Tech Trends 2017 Hero Image

Tech Trends 2017: Moving to Outside-in Supply Chain Processes

10/24/2017

Today, the word “digital” drips from the tongues of technology providers and consultants. But without a common industry definition of what that involves, it’s hard to make any digital plans actionable.

For the business user, the goal is growth, of course. For the technologist, with slowed spending on enterprise resource planning, the goal is to create a new market opportunity. But digital market transformation is happening more slowly than was expected by many technology providers, consultants and analysts, as shown in Figure 1.

Figure 1, supply chain

Digitization transforms businesses. And the most successful transformations redefine business models. A digital business model uses new forms of technology to create new streams of revenue and business value. It’s about combining technologies to sense market changes in real time and shape a more meaningful output. 

Digital business is about much, much more than the redefinition of business processes for business-to-business or business-to-consumer. E-business strategies are foundational and necessary, but digital business goes beyond e-business. Today, B2C models are well defined, but B2B processes lag behind: Only 9% of B2B commerce flows through business networks.

When executed correctly, digital business strategies are transformative. Here are five examples:

Digital transportation and logistics: Telematics and the use of global positioning systems have changed the lives of truck drivers in their cabs. They can see real-time traffic jams, view shifts in road closures and quickly check the status of vehicle maintenance. Likewise, the dispatcher can follow the truck’s position and expected time of arrival. Digital transportation is rapidly changing logistics.

Uber is a good example of a digital business strategy in transportation. While Uber currently powers a network of taxi and car services, its ultimate goal is to redefine the automotive supply chain, to replace automotive purchases with easy-to-use car services.

A parallel example is what happened with performance-based logistics in the world of aerospace and defense. This industry was redefined through collaborative sharing, and is shifting to autonomous vehicles for transportation and logistics and the use of the automobile as a social meeting place on wheels.

Digital process manufacturing: Predictive maintenance in process manufacturing is based on the mean time between equipment failure and the development of predictive schedules to perform maintenance before those failures occur.

Yet within the factory, sensors abound. Equipment purchased within the last decade runs by a programmable controller that tracks the “health” of machine-pump pressure, motor temperature, oil viscosity, and temperature and services machinery, when needed.

The digital manufacturing process is about redesigning through mobility, the internet of things and cognitive learning. Within process industries, only 5% of companies are attempting to use mobility within manufacturing and only 3% are using wearable devices.

Digital discrete manufacturing: In discrete manufacturing, parts are made to order. Traditional processes such as milling, casting and machining utilize subtractive manufacturing: materials decrease as the item is manufactured. Digital printing, or additive manufacturing, or 3D printing, changes that equation. 

In additive manufacturing, substrate is added to make the part. Discrete items are made based on digital images.

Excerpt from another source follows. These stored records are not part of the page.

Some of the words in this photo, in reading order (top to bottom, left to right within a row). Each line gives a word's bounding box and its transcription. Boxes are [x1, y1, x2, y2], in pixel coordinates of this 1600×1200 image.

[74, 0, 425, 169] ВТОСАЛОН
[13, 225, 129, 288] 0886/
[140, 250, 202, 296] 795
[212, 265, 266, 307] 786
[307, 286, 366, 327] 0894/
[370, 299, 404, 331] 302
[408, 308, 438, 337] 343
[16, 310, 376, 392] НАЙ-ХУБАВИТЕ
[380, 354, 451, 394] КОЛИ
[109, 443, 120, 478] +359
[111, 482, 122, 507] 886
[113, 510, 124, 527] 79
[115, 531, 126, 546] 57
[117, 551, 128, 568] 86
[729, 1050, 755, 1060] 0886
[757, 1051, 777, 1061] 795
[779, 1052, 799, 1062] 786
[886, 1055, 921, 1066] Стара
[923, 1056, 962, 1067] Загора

Today, 15% of discrete manufacturers are actively pursuing 3D printing for production-based processes; for one, digital printing is increasingly being used for prototypes. The opportunity here is quick and easy production of each “unit of one.” Examples include specialized shoe inserts customized for each buyer and samples of packaging materials and parts.

Digital agriculture: Traditional agriculture is based on well-honed methods of planting, harvesting and food manufacturing. Digital agriculture is a step change. It’s the reason that John Deere tractors are now equipped with sensors to read a field’s moisture and temperature levels, and why manufacturers like Land O’Lakes are investing in test beds to use sensing technologies and advanced analytics to measure the soil, weather, crops, seed traits, fertilizers and additives; the testing identifies the best combinations to improve yield.

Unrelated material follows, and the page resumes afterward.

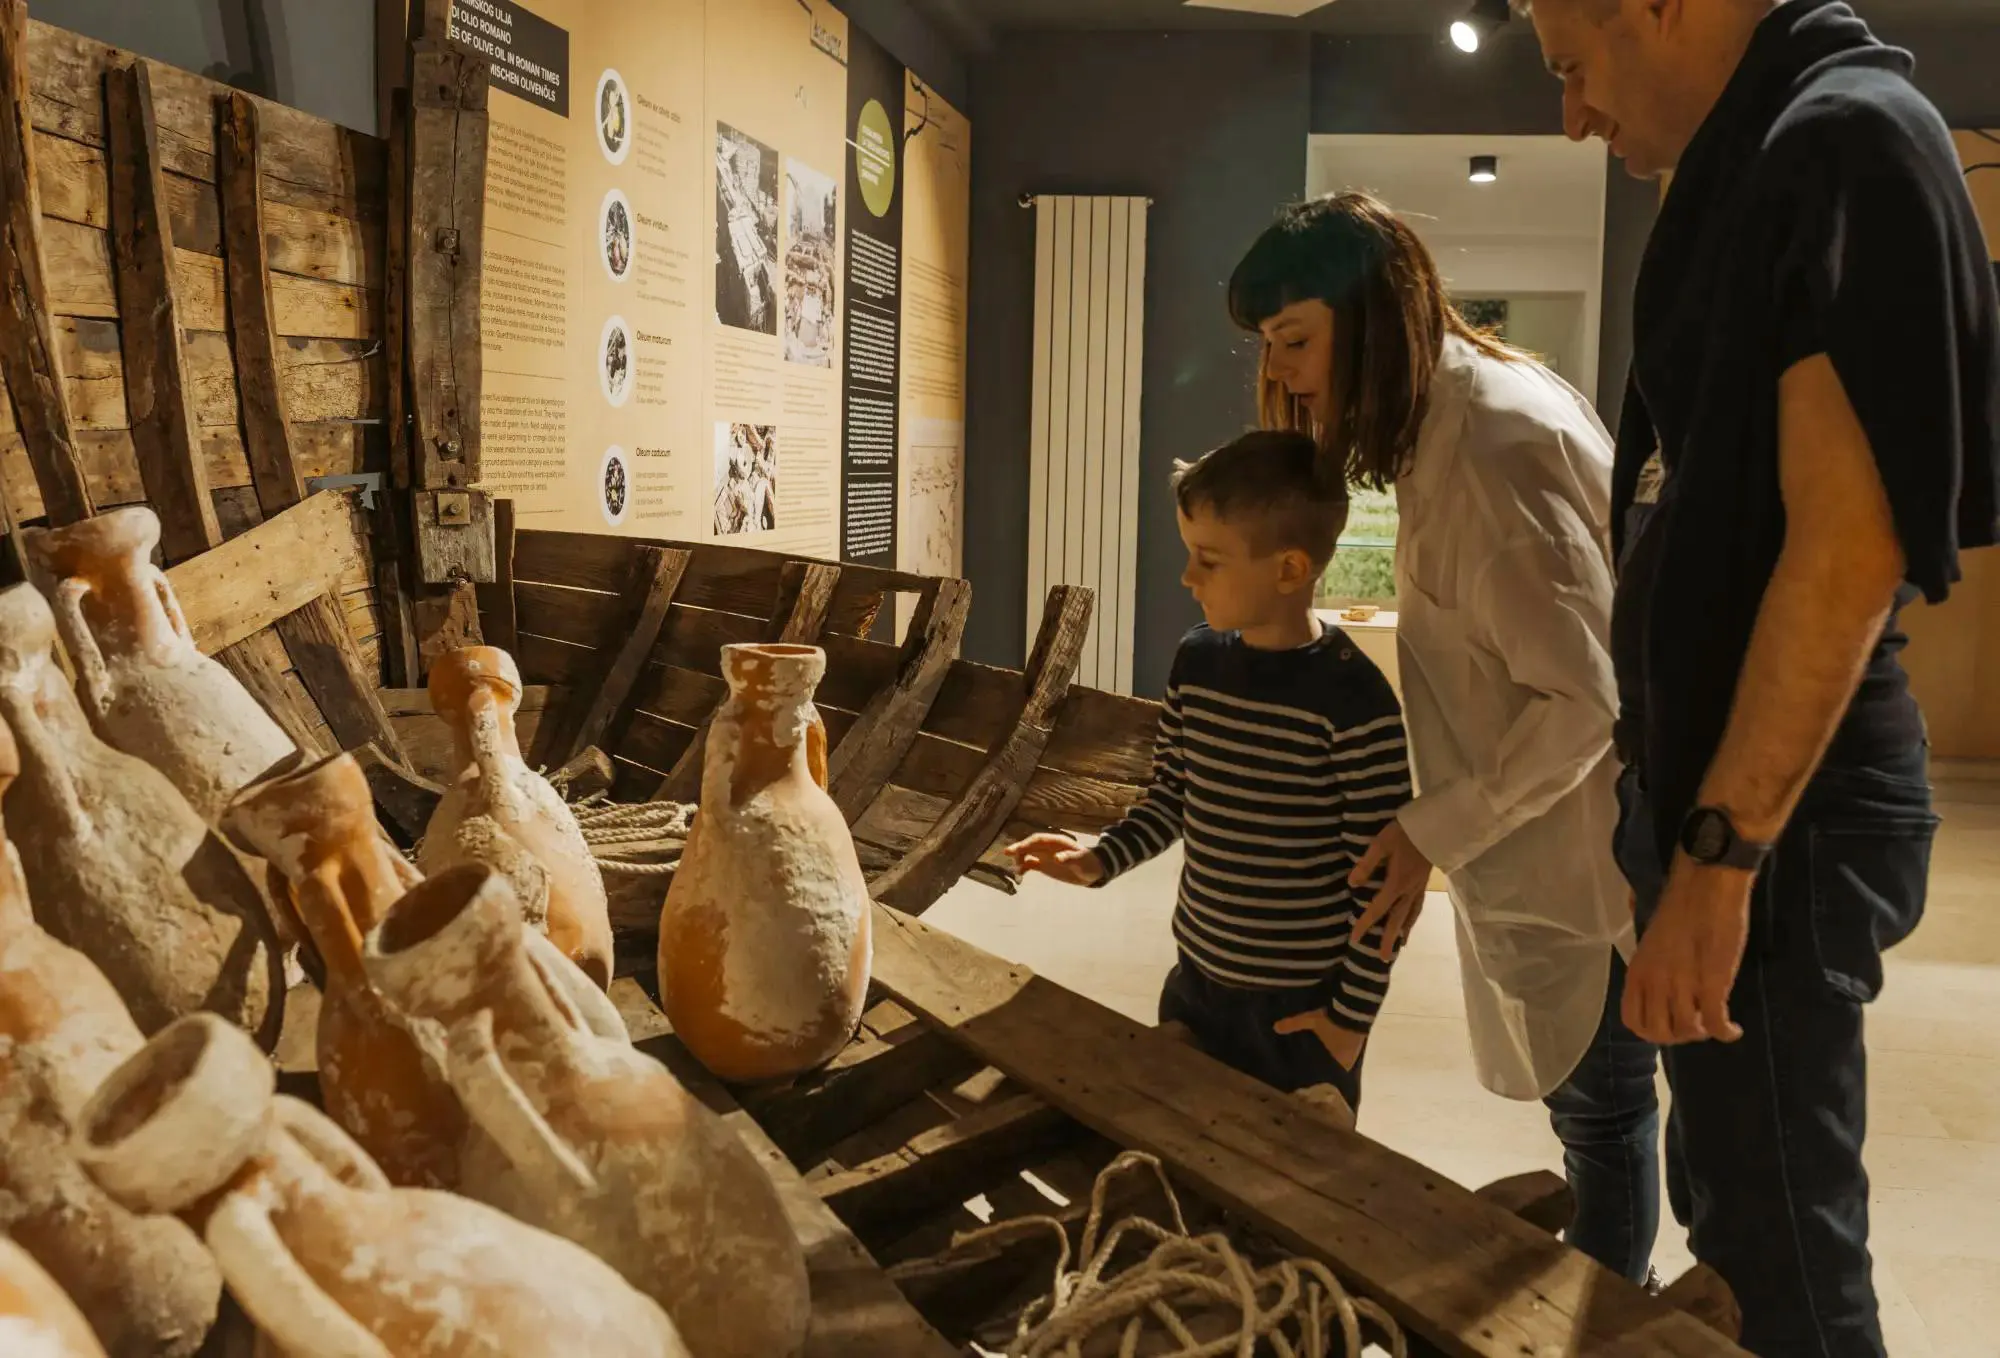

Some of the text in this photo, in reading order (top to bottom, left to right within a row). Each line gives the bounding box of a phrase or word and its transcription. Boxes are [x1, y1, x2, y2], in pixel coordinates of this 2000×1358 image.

Digital path to purchase: In the consumer packaged goods industry, there are four “moments of truth” in the purchase cycle when marketers can influence decisions: when the shopper is making a list, when she’s putting the item into the basket, when she’s buying the product at checkout and when she’s talking about her experience on social media. 

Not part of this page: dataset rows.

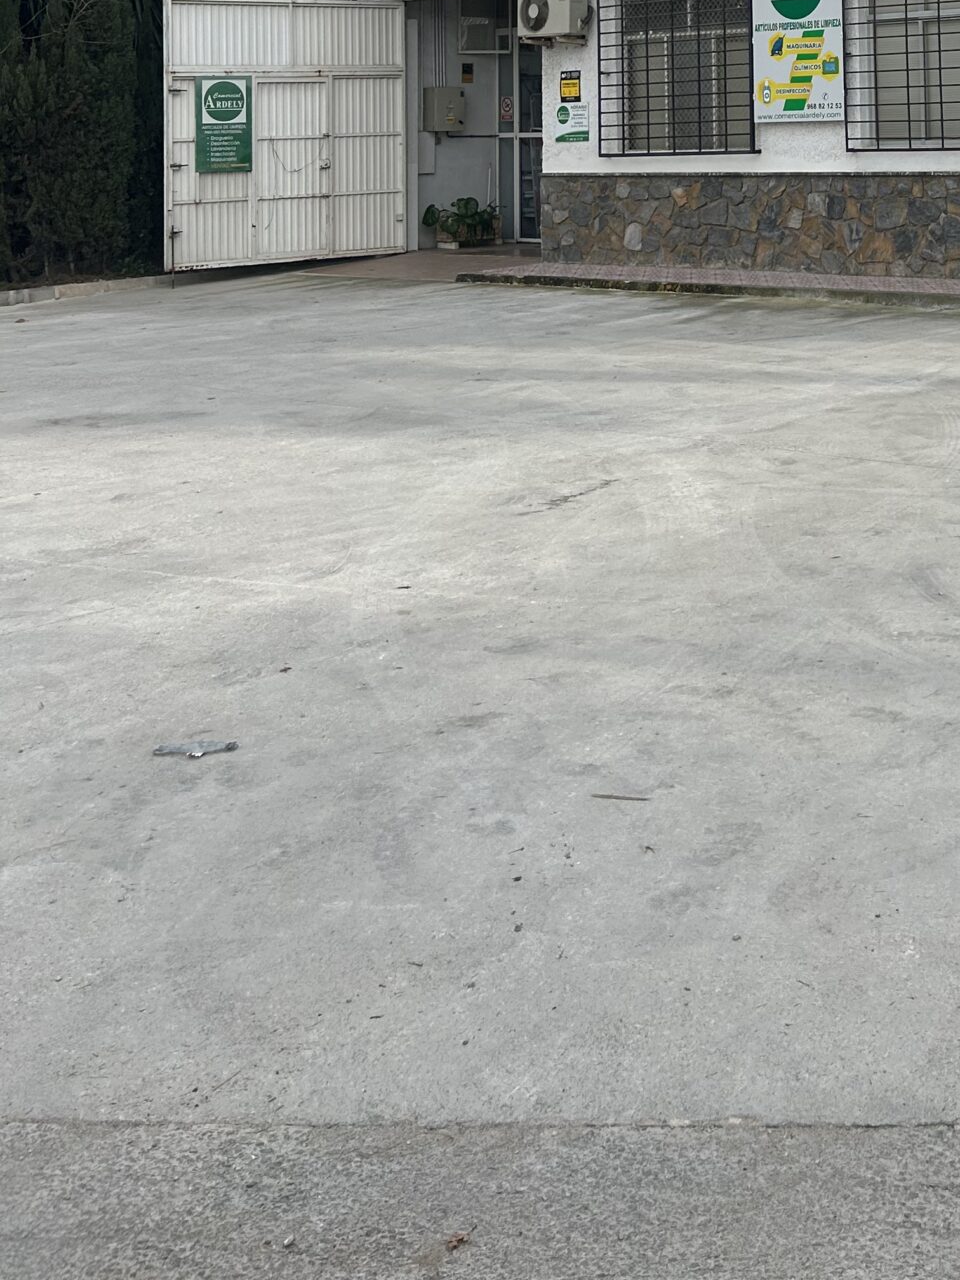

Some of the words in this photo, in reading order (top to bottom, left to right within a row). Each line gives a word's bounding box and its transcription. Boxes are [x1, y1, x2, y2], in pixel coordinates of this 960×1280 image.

[779, 20, 814, 31] PROFESIONALES
[814, 19, 820, 28] DE
[821, 18, 841, 28] LIMPIEZA
[205, 94, 243, 109] ARDELY
[757, 112, 842, 120] www.comercialardely.com

Digital tools can help impact all four moments.

This automation of the digital path to purchase necessitates a real-time database of purchase behavior that combines point-of-sale data, loyalty information, and weather and store information; the ability to listen to consumer sentiment (ratings and reviews, Facebook posts, blog posts, etc.) requires the mining of unstructured text.

Today, only 9% of CPG companies have a cross-functional team to build the processes needed to yield insights from structured and unstructured data. We find that most efforts are bogged down by traditional customer relationship management solutions and a narrow definition of supply chain management. 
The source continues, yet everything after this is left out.